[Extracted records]
----------
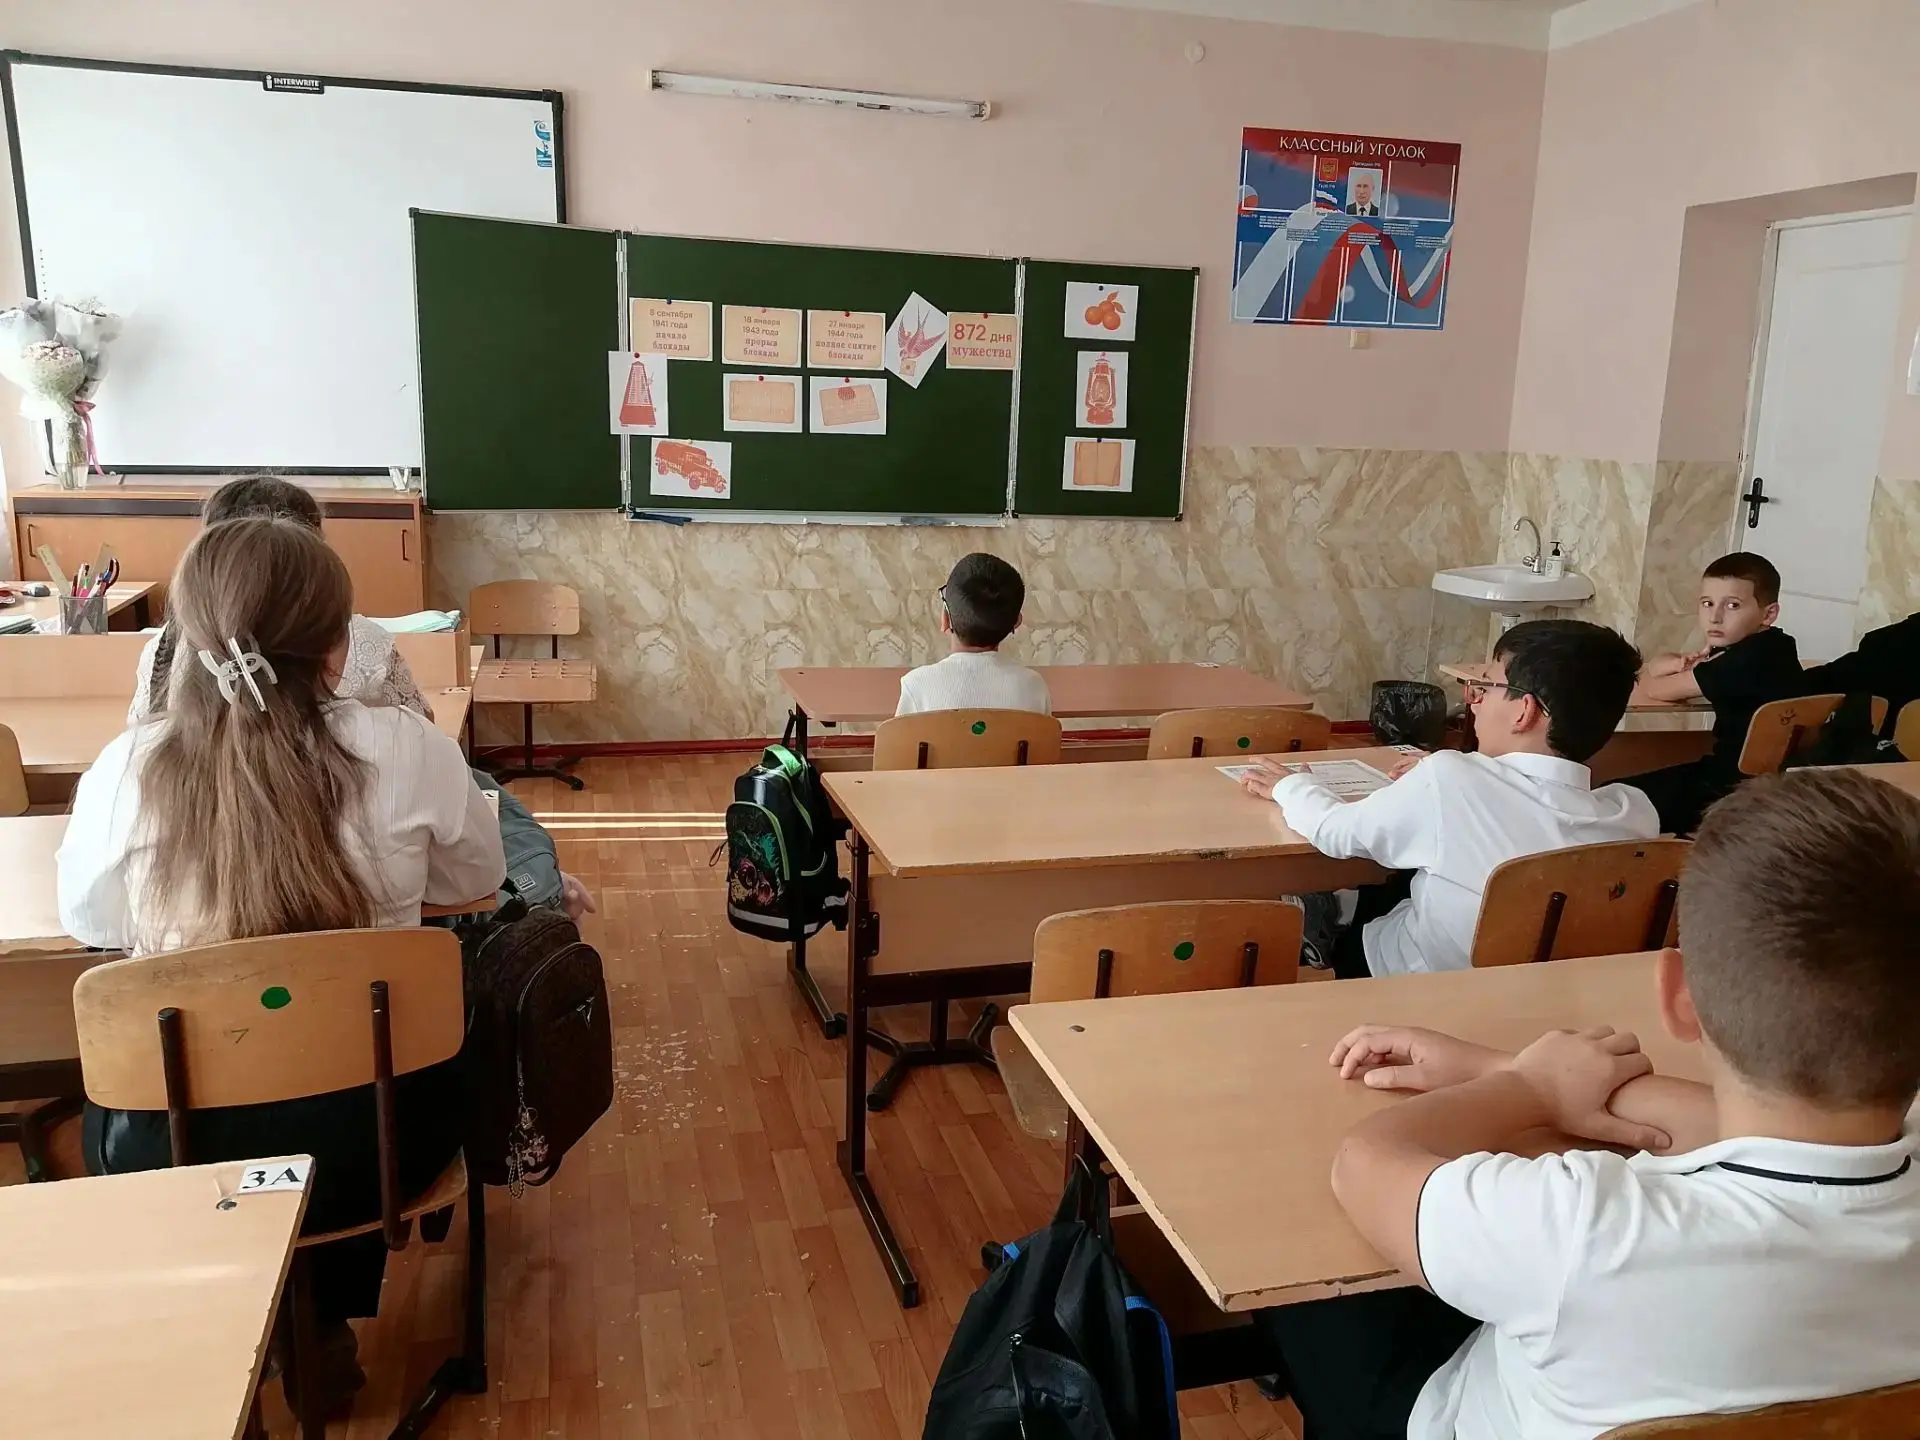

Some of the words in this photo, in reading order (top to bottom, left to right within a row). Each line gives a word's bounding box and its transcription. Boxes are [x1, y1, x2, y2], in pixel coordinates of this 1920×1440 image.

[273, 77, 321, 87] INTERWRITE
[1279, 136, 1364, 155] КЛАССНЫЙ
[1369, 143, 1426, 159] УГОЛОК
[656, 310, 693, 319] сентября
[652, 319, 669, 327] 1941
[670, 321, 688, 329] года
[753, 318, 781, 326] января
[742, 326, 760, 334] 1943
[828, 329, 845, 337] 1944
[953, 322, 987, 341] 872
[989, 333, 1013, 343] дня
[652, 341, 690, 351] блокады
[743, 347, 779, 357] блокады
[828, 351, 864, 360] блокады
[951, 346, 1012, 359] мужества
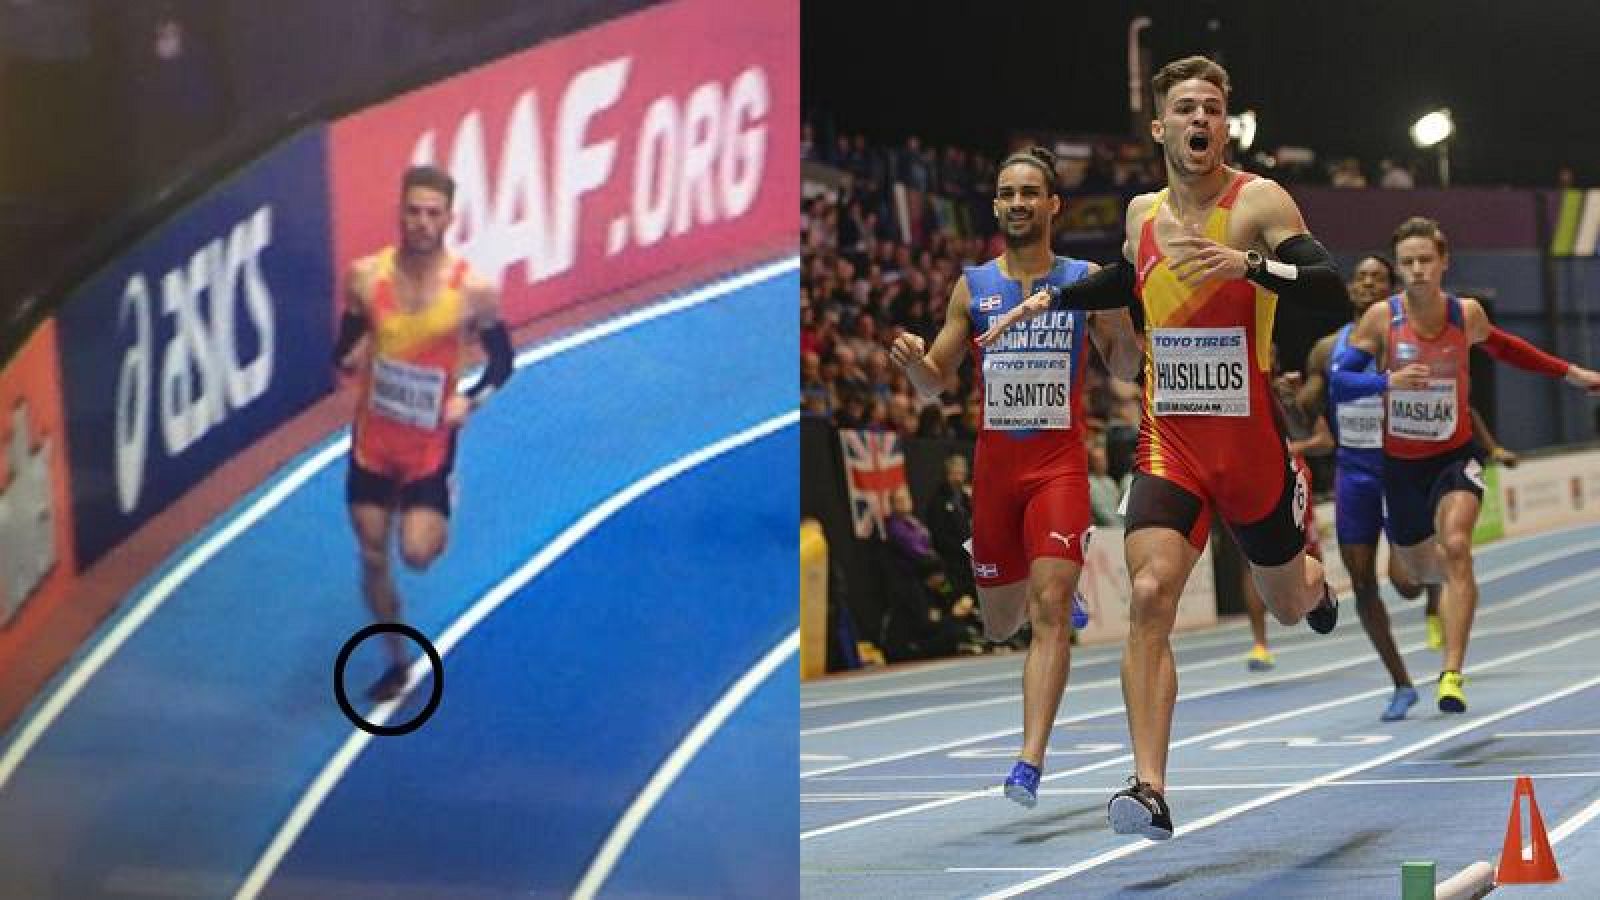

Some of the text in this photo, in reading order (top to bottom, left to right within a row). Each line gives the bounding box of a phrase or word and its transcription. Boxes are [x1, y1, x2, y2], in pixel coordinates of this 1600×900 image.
----------
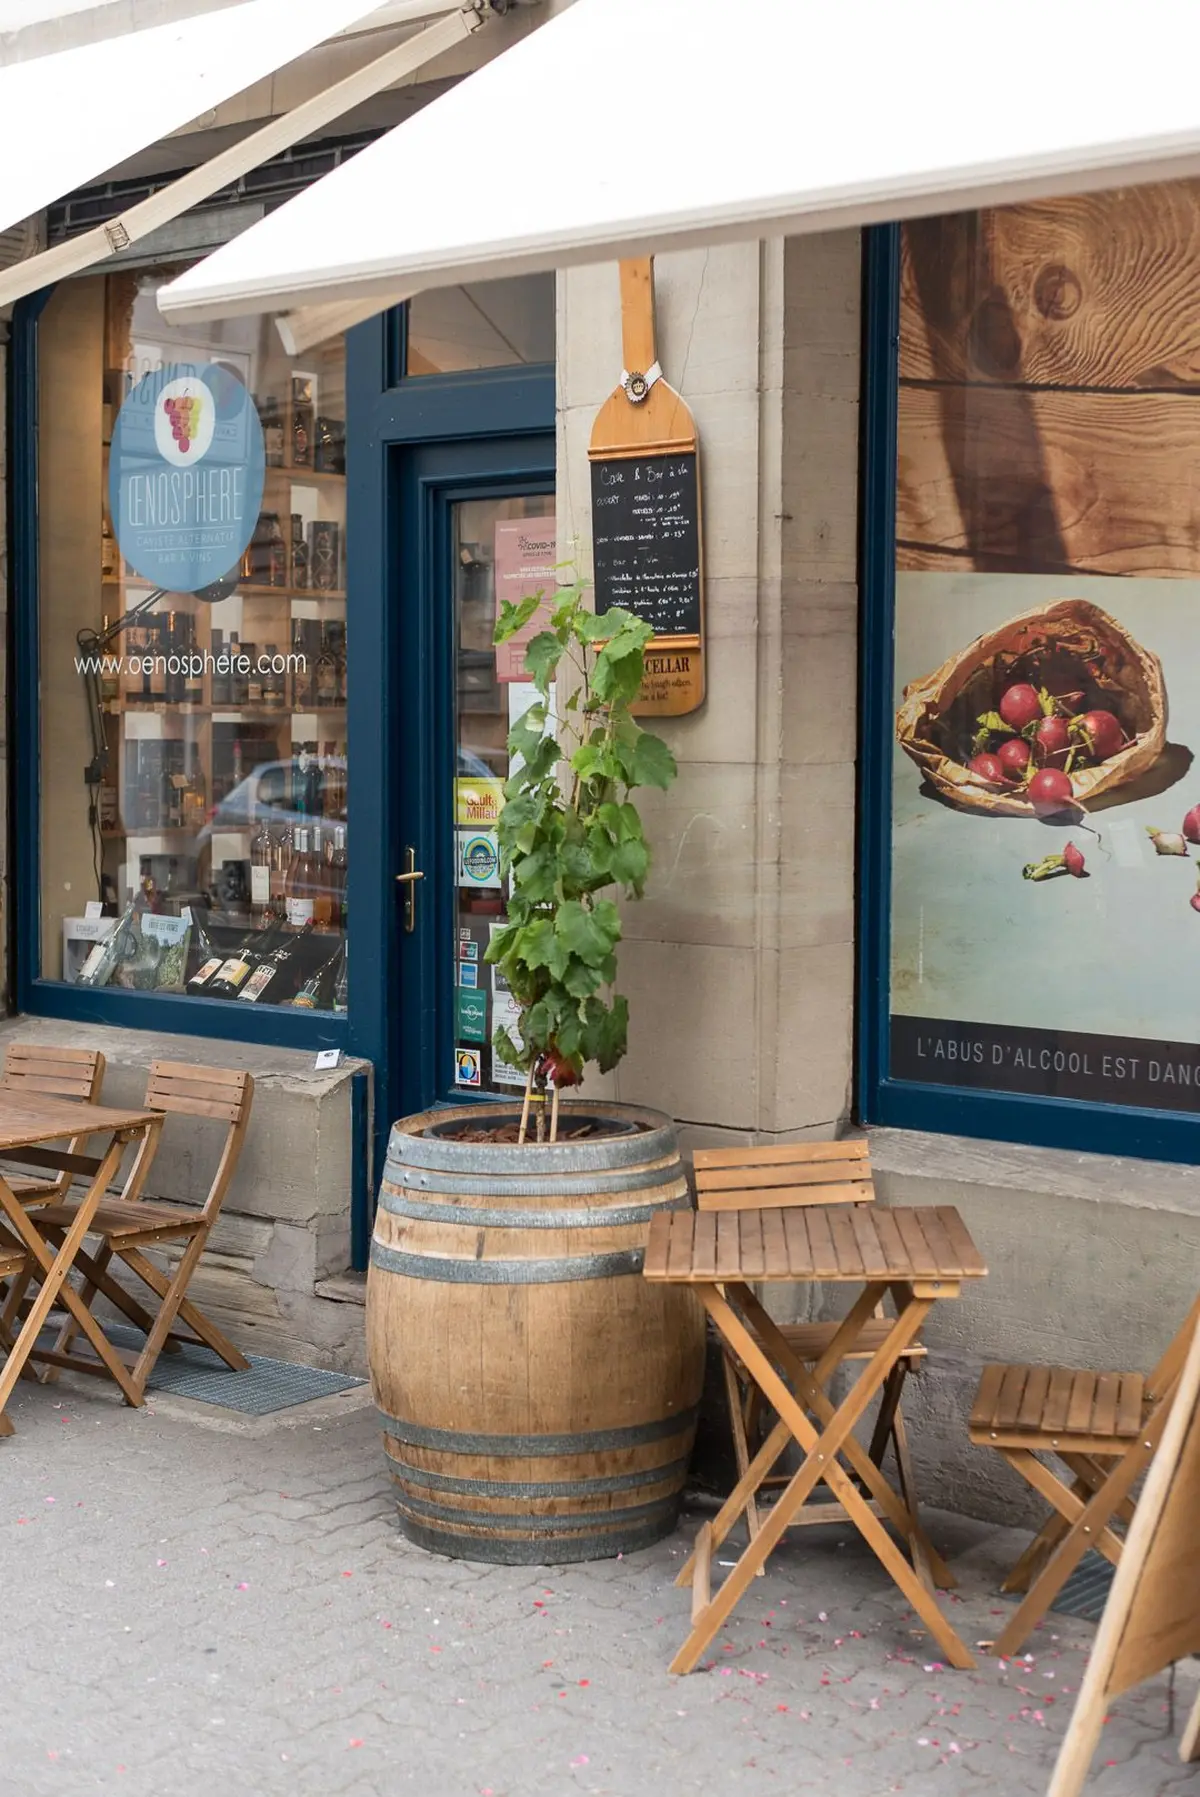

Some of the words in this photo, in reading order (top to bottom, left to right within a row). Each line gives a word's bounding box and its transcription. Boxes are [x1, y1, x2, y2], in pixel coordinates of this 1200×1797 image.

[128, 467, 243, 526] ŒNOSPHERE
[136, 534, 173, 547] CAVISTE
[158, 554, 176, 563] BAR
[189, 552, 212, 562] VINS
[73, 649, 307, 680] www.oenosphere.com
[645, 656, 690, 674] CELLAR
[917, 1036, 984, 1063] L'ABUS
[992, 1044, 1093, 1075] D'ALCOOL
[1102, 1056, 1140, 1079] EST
----------
Nothing but the lines from the one with "this 1920×1440 image." up to and including the one with "Some of the text" should be printed, exactly as they read above. Please keep the pictures out.

Some of the words in this photo, in reading order (top to bottom, left to right within a row). Each line gives a word's bounding box and its transcription. Boxes are [x1, y1, x2, y2], in pixel coordinates of this 1920×1440 image.

[273, 77, 321, 87] INTERWRITE
[1279, 136, 1364, 155] КЛАССНЫЙ
[1369, 143, 1426, 159] УГОЛОК
[656, 310, 693, 319] сентября
[652, 319, 669, 327] 1941
[670, 321, 688, 329] года
[753, 318, 781, 326] января
[742, 326, 760, 334] 1943
[828, 329, 845, 337] 1944
[953, 322, 987, 341] 872
[989, 333, 1013, 343] дня
[652, 341, 690, 351] блокады
[743, 347, 779, 357] блокады
[828, 351, 864, 360] блокады
[951, 346, 1012, 359] мужества

Some of the text in this photo, in reading order (top to bottom, left to right within a row). Each line gives the bounding box of a phrase or word and its transcription. Boxes are [x1, y1, x2, y2], in pixel coordinates of this 1600×900 image.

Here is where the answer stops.